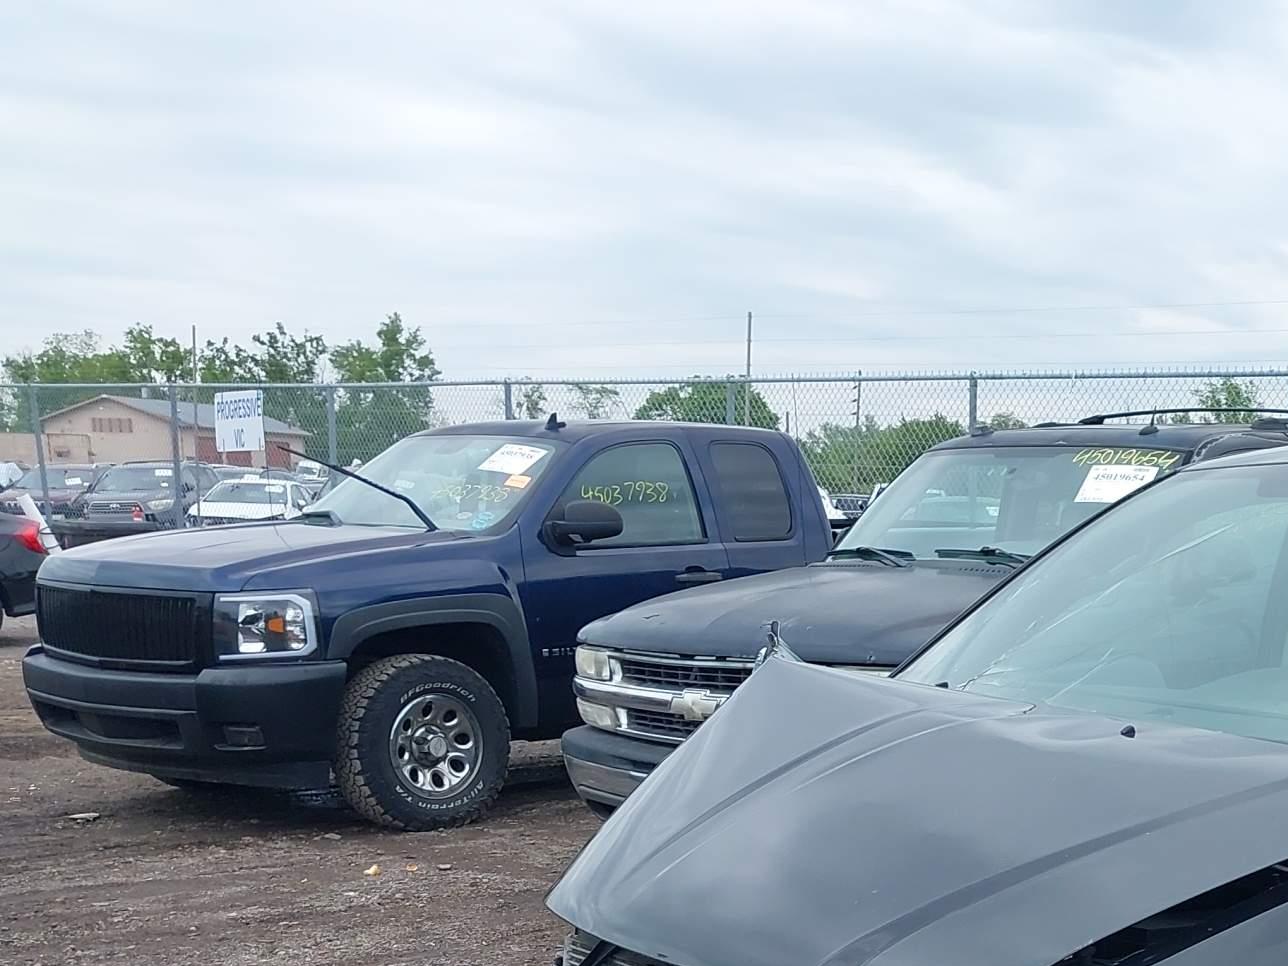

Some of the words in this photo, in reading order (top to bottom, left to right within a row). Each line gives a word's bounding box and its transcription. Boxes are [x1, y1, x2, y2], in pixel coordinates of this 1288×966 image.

[217, 397, 262, 420] PROGRESSIVE
[1072, 448, 1180, 470] 45019654
[581, 481, 669, 506] 45037938
[399, 681, 476, 705] BFGoodrich
= = = = = = =
**Aim of the exercise:** The task calls for repeating each line above exactly while excluding the pictures.

**Your solution:**
Some of the words in this photo, in reading order (top to bottom, left to right within a row). Each line gives a word's bounding box and its transcription. Boxes are [x1, y1, x2, y2], in pixel coordinates of this 1288×966 image.

[217, 397, 262, 420] PROGRESSIVE
[1072, 448, 1180, 470] 45019654
[581, 481, 669, 506] 45037938
[399, 681, 476, 705] BFGoodrich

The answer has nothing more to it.